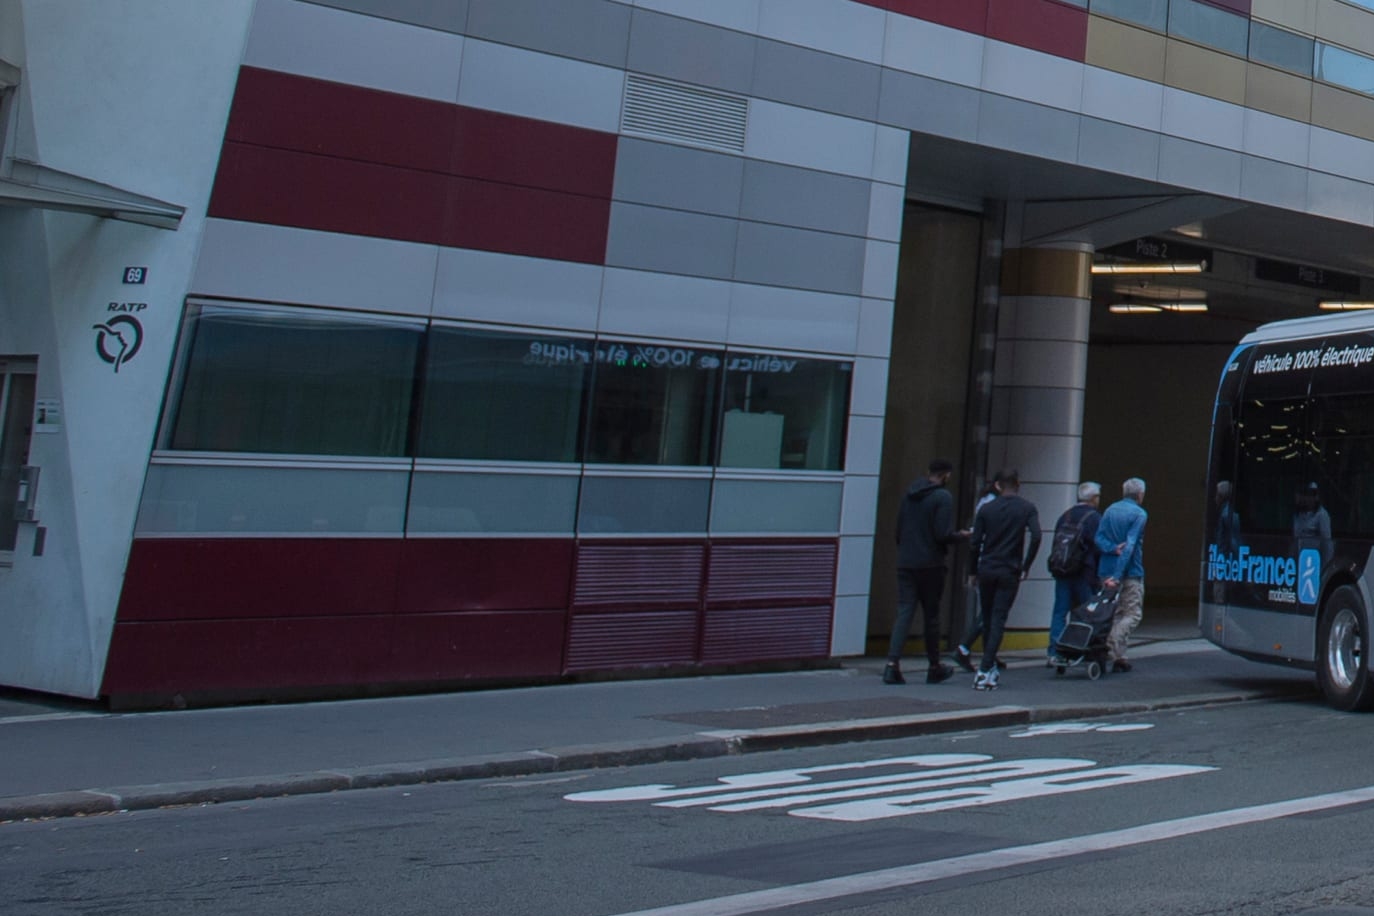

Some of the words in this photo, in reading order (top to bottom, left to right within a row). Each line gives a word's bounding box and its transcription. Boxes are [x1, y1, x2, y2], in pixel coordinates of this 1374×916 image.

[1136, 239, 1159, 256] Piste
[1160, 243, 1168, 258] 2
[127, 268, 142, 282] 69
[107, 302, 148, 312] RATP
[1253, 352, 1293, 375] véhicule
[1292, 349, 1321, 370] 100%
[1320, 344, 1374, 368] électrique
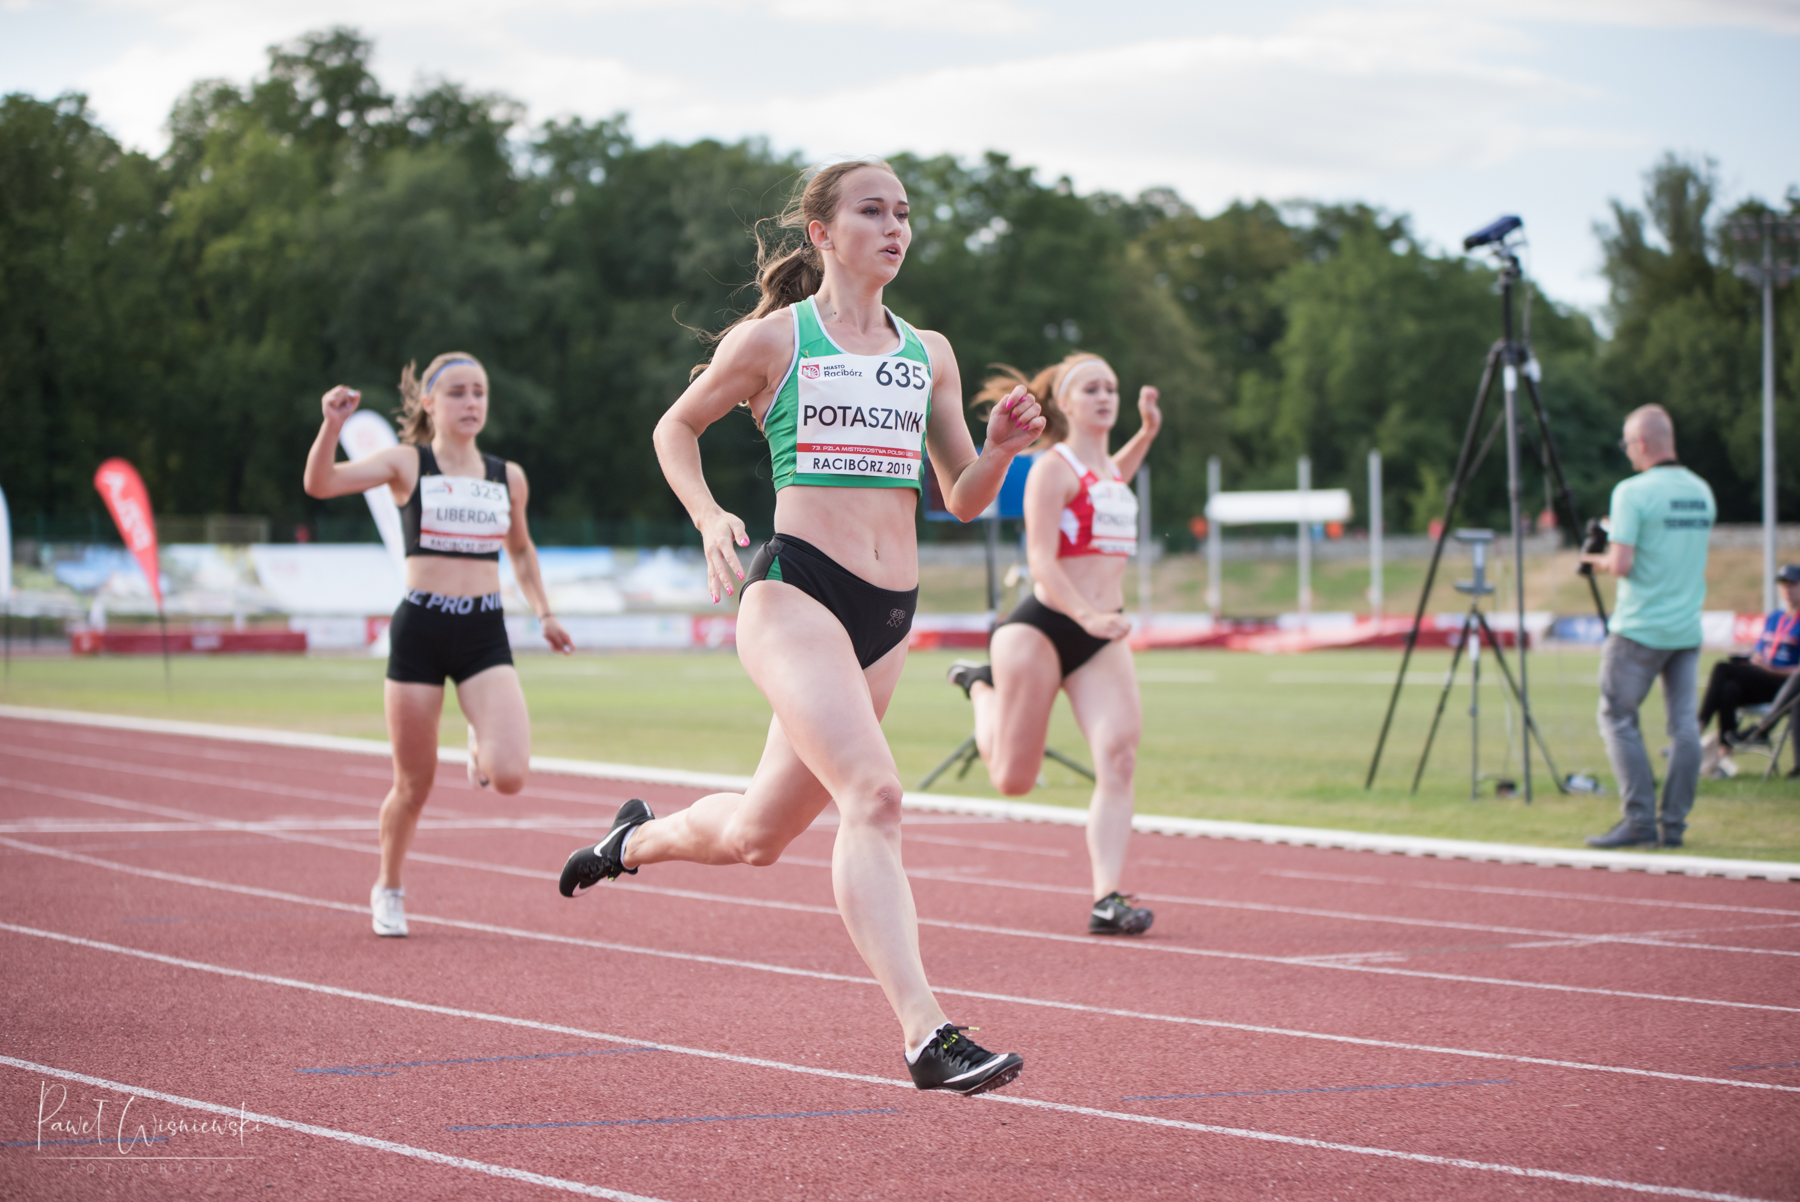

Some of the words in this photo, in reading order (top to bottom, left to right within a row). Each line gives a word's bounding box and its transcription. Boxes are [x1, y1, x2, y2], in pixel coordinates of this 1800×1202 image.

YOUR INSTRUCTIONS:
A faithful, word-for-word copy of the records above, pictures left out, is the answer.

RESPONSE:
Some of the words in this photo, in reading order (top to bottom, left to right within a row). Each line gives a word's bounding box and its transcription. Boxes are [x1, y1, x2, y2], in pixel coordinates of this 1374×916 image.

[1136, 239, 1159, 256] Piste
[1160, 243, 1168, 258] 2
[127, 268, 142, 282] 69
[107, 302, 148, 312] RATP
[1253, 352, 1293, 375] véhicule
[1292, 349, 1321, 370] 100%
[1320, 344, 1374, 368] électrique

Some of the words in this photo, in reading order (top to bottom, left to right within a row). Each line gives a word's bounding box and its transcription. Boxes are [x1, y1, x2, y2], in pixel coordinates of this 1800×1202 image.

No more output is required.